Nigel has a face only his mother could not love. Born three months ago in the wilds of Fresno Chaffee Zoo, Nigel was as agreeable a prehensile-tailed porcupine as ever there was. His mother was not. “His mom was not letting him nurse,” said Maureen O’Keefe, senior staff biologist at Point Defiance Zoo & Aquarium. “He was bottle-fed from day one.” He was bottle-fed by hard-core zoo professionals who were not ashamed to be charmed by his snuffly nose and his cuddly ways. His nose, they agreed, looked like a big, soft eraser. But, being hard-core zoo professionals, they knew that, even though they had named him, they could not keep Nigel. They started calling their friends, asking if they might have a spare coendou habitat. Point Defiance had just the space, O’Keefe told a friend at the Fresno zoo. “He arrived six weeks ago, and recently got out of quarantine,” She said. “He has adjusted fabulously.”
By that, she means he is relaxed in his behind-the-scenes quarters and is learning to use his body. He climbs. He walks on branches. He experiments with his grasping tail. He is learning to trust his long whiskers for news of what is within six inches of his head. “They help him navigate in the dark and get around at night,” O’Keefe said of the impressive whiskers. He dines on fruit salad and rodent chow. “Nuts!” Nigel would say, if he spoke in English, rather than in soft growly meeps. Nuts are his favorite, and he has mastered the body language for obtaining walnuts, pecans and almonds: He works his way into a keeper’s arms, then explores pockets and packets until he finds some. Hard-core zoo professionals will tell you that, technically, nuts are training tools, the instruments keepers use to coax Nigel to learn and practice the natural behavior his mother never taught him. “They have this prehensile tail, so he can hang upside down,” O’Keefe said. “He is really designed for life up in the trees.” Those trees would be in South America’s rain forests, where coendous eat fruits, vegetables and nuts and avoid novice ocelots and jaguars.
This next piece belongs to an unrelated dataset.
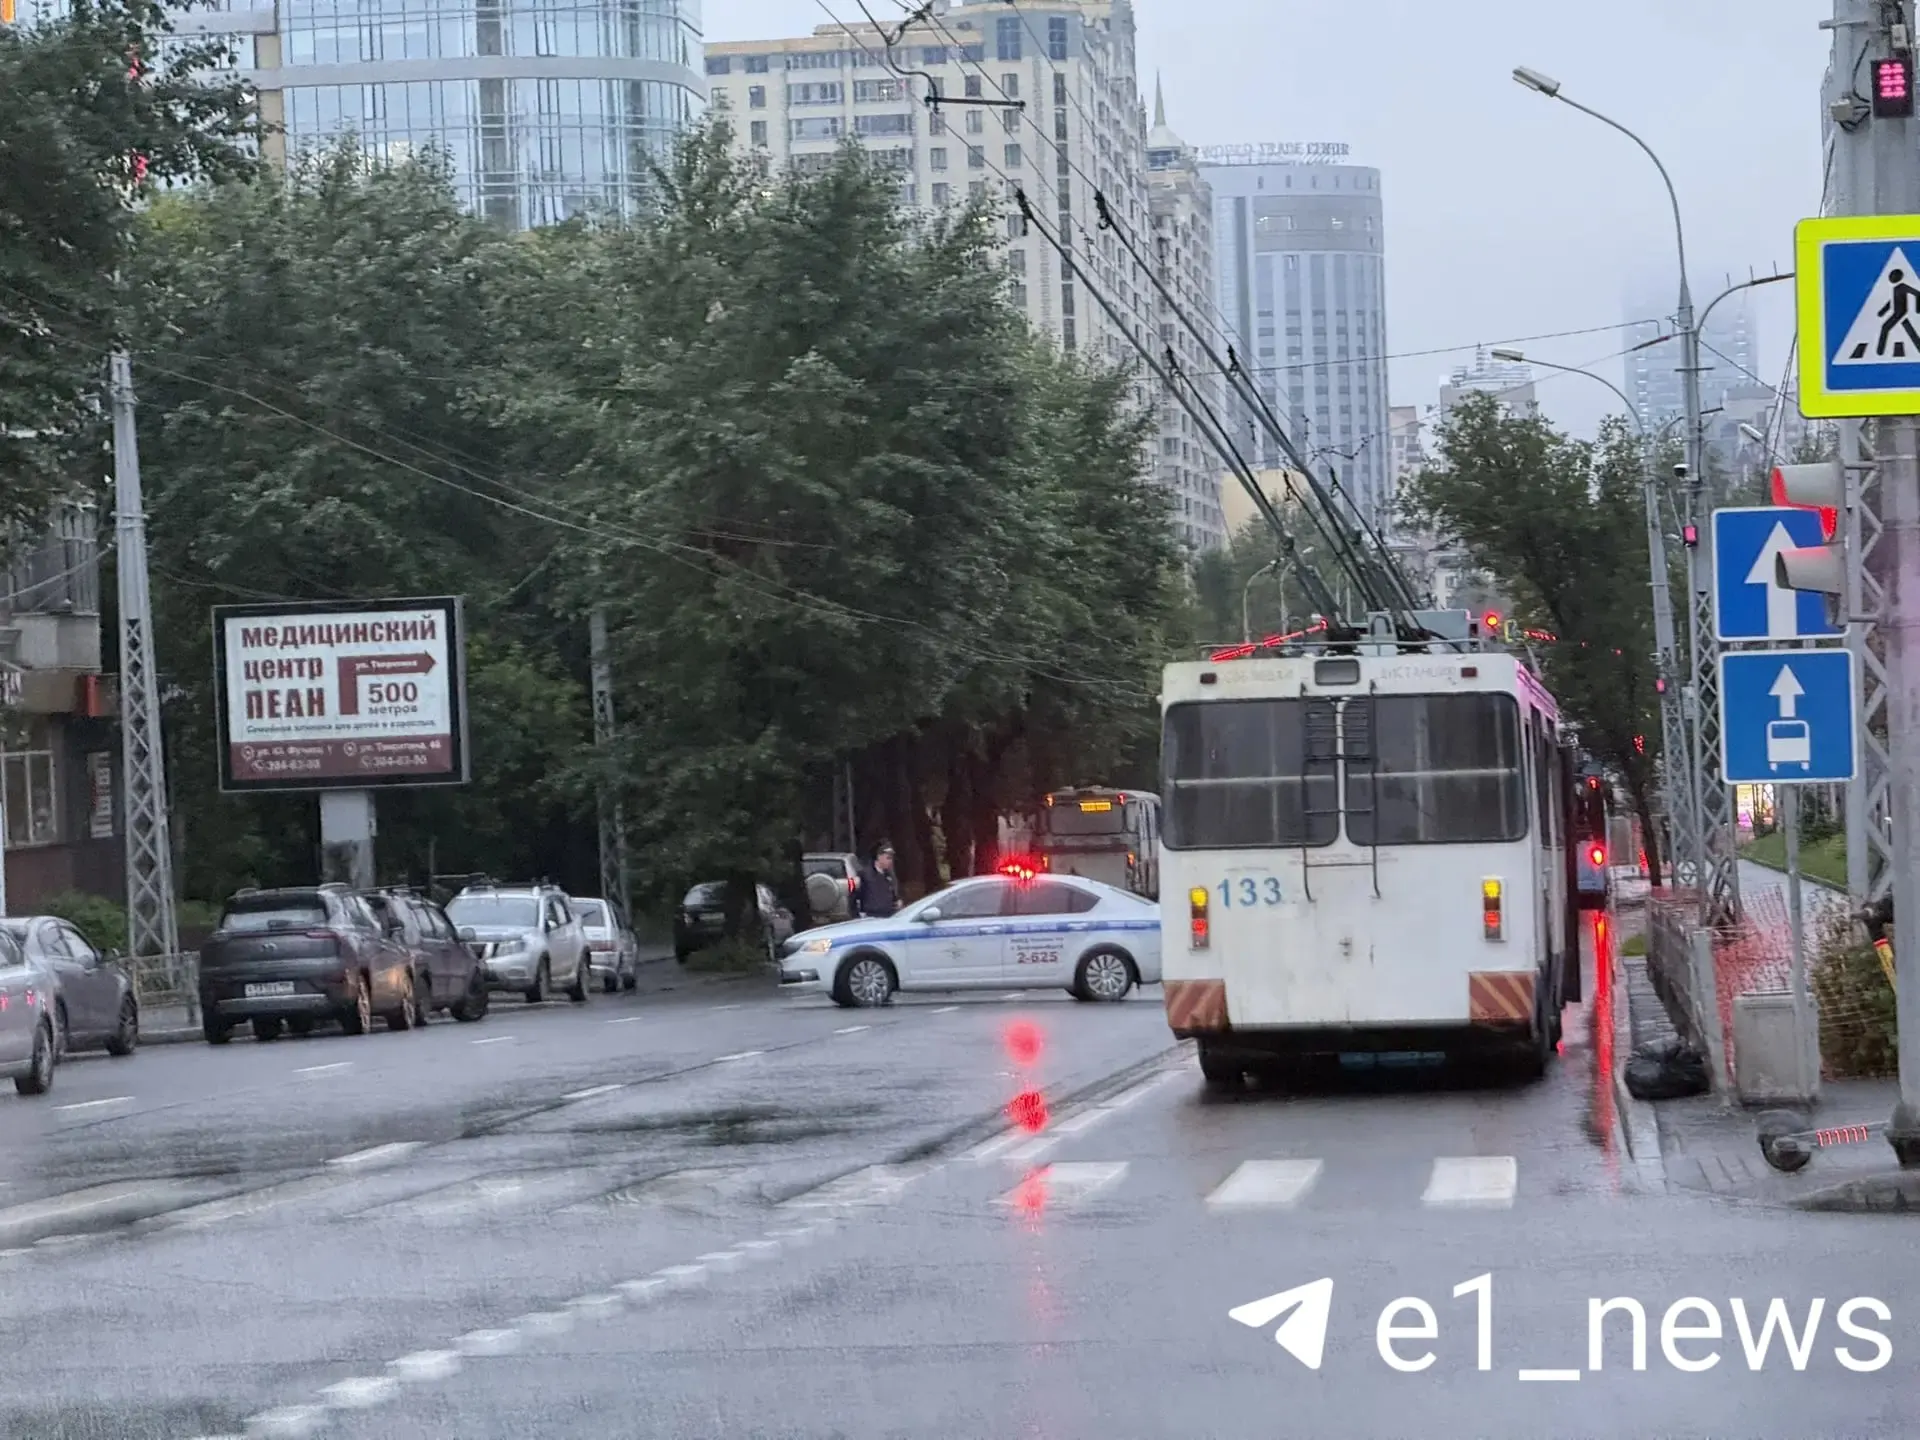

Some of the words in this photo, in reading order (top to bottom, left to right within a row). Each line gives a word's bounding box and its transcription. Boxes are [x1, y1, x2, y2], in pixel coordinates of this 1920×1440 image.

As far as O’Keefe knows, no one has ever counted a prehensile-tailed porcupine’s quills. But she thinks they, like the American porcupine, have about 30,000. “If they feel threatened, they will rattle them,” she said. The coendou does not shoot quills. It merely releases them into the face, paws or whatever of whoever is trying to eat it. A critter with any kind of memory or good sense will not try twice to dine on that species of tasty rodent. Though nocturnal, Nigel will work days at Point Defiance. “He has a cute personality,” O’Keefe said. “He’ll work out great as an interpretive animal.” He will appear on the World of Wonders stage, making his grand debut at the 1:30 p.m. shows this weekend. When it is warmer, he and his keepers will go on strolls through the zoo to meet the fans. Here, those fans will likely see Nigel grow from six pounds now to his full 12 pounds over the next 12 to 15 years. That is a good deal for Nigel, who – provided he survived his mom – would have had about half that lifetime worrying about getting flipped by ocelots in the rain forest. True, he will not be getting a companion. That is not part of the job description in Tacoma. It is not in the Amazon, either. Coendous are solitary animals in the wild. Nigel, on the other hand, is all about friends, especially if he thinks you have a pocket full of nuts.